Write every line below out again exactly, images omitted.

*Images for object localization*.
────────────────

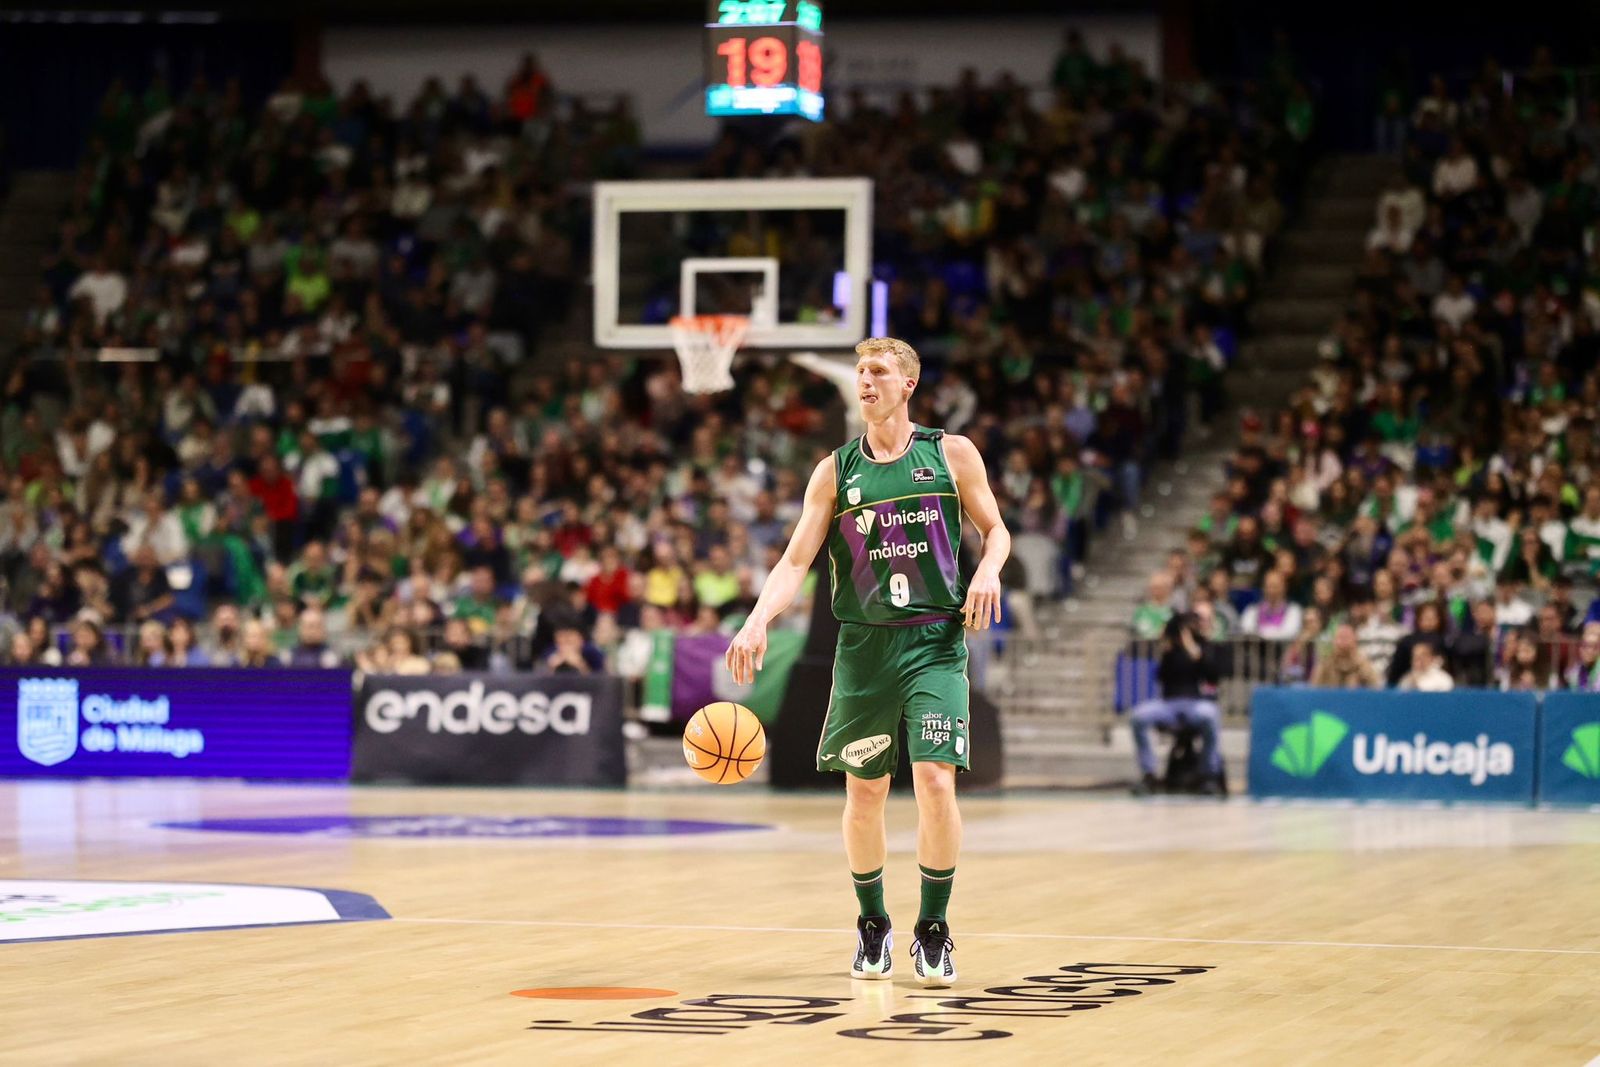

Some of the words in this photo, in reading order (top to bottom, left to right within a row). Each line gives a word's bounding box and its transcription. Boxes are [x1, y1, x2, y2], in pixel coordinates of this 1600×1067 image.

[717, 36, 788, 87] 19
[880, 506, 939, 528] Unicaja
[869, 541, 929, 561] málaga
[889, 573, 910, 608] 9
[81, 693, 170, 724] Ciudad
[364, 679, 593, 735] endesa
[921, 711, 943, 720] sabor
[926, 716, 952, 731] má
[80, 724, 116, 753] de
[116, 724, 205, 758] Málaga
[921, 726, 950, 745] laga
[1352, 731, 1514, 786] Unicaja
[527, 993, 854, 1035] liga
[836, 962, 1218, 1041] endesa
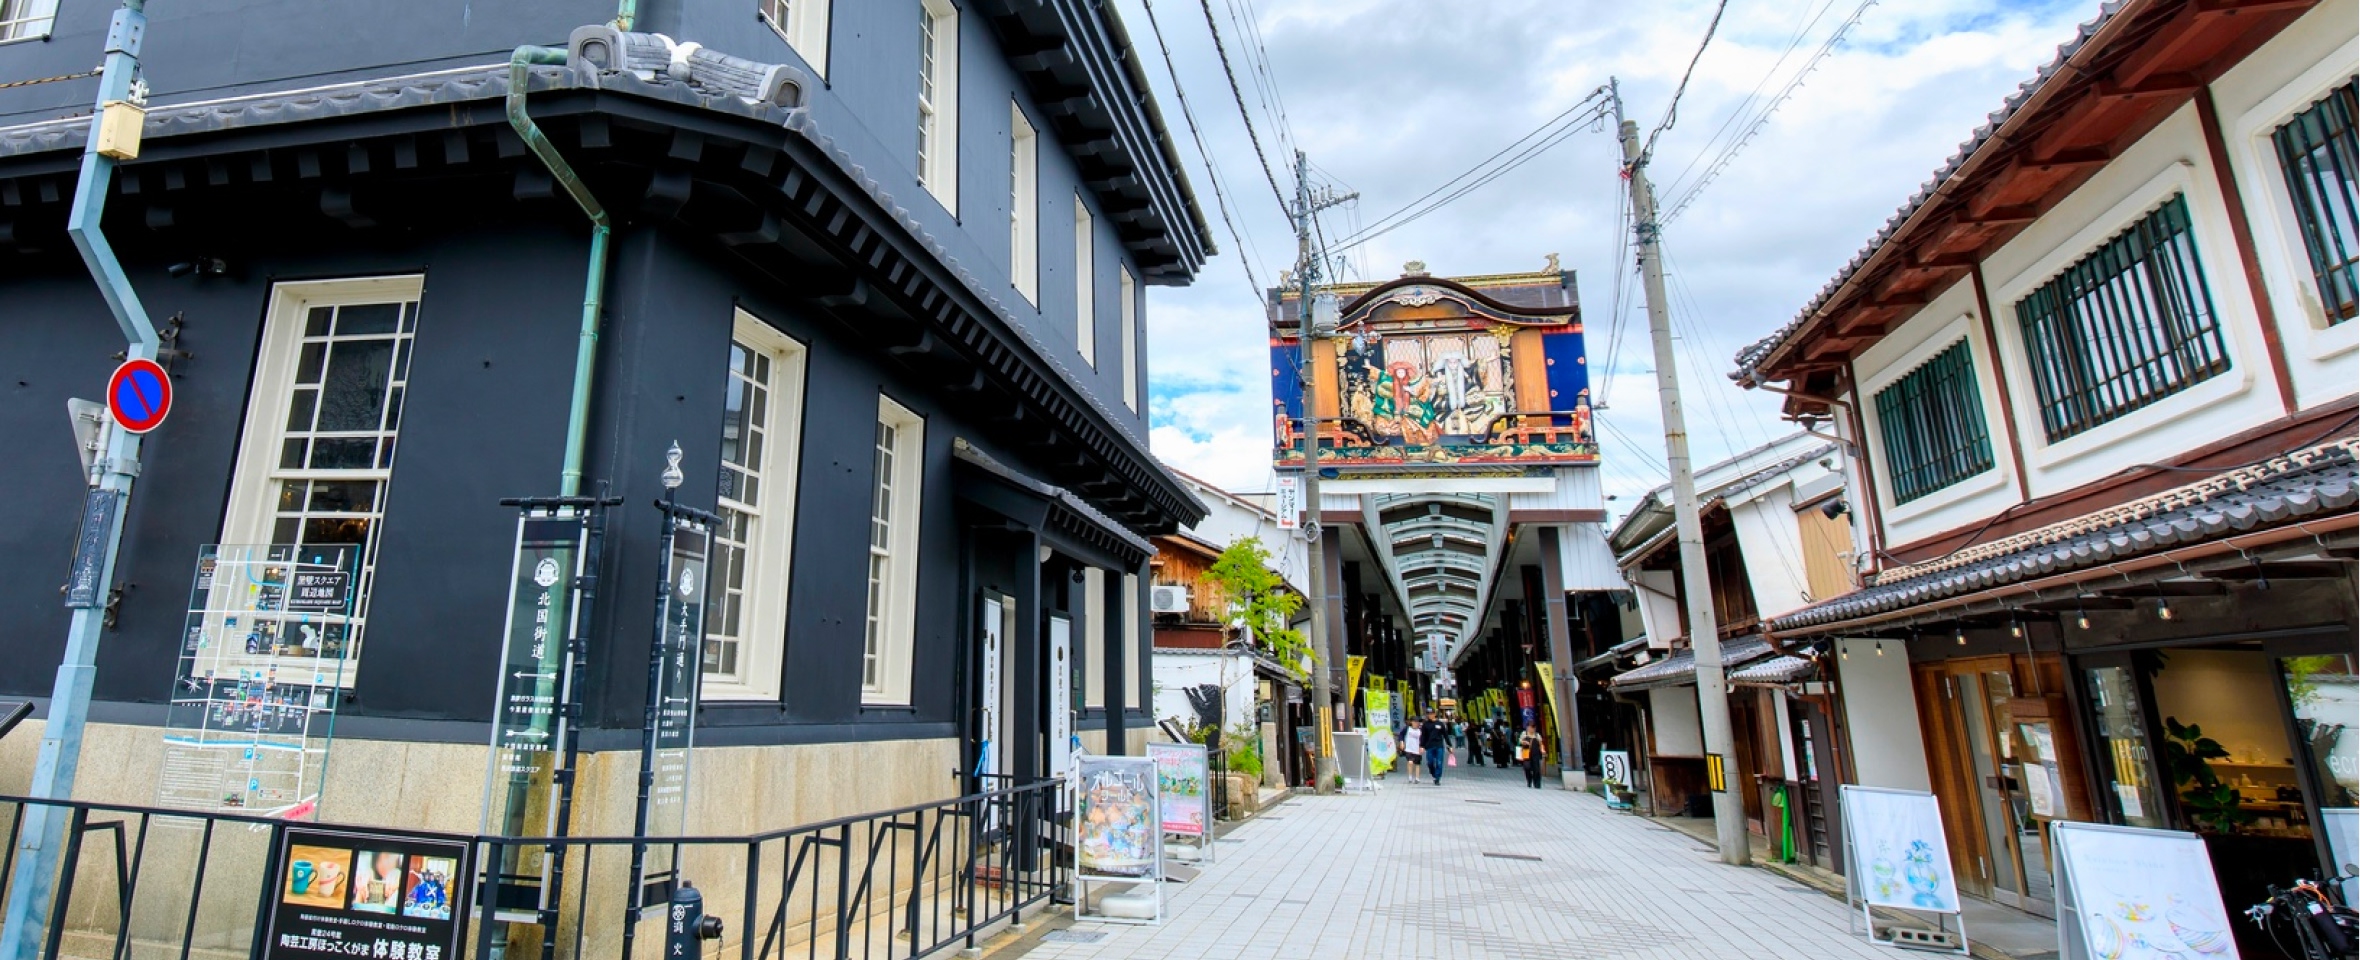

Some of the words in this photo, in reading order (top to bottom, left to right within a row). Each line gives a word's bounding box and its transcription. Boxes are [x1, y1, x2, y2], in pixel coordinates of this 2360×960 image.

────────────────

*RESULT*.
Some of the words in this photo, in reading order (top to bottom, left to right within a row). Each line gives a word's bounding box and its transcription. Boxes are [x1, y1, x2, y2], in pixel coordinates of this 1600×1067 image.

[717, 36, 788, 87] 19
[880, 506, 939, 528] Unicaja
[869, 541, 929, 561] málaga
[889, 573, 910, 608] 9
[81, 693, 170, 724] Ciudad
[364, 679, 593, 735] endesa
[921, 711, 943, 720] sabor
[926, 716, 952, 731] má
[80, 724, 116, 753] de
[116, 724, 205, 758] Málaga
[921, 726, 950, 745] laga
[1352, 731, 1514, 786] Unicaja
[527, 993, 854, 1035] liga
[836, 962, 1218, 1041] endesa

Some of the words in this photo, in reading order (top to bottom, left to right within a row). Each line gives a word's bounding box and its transcription. Boxes are [x1, y1, x2, y2], in pixel coordinates of this 2360×960 image.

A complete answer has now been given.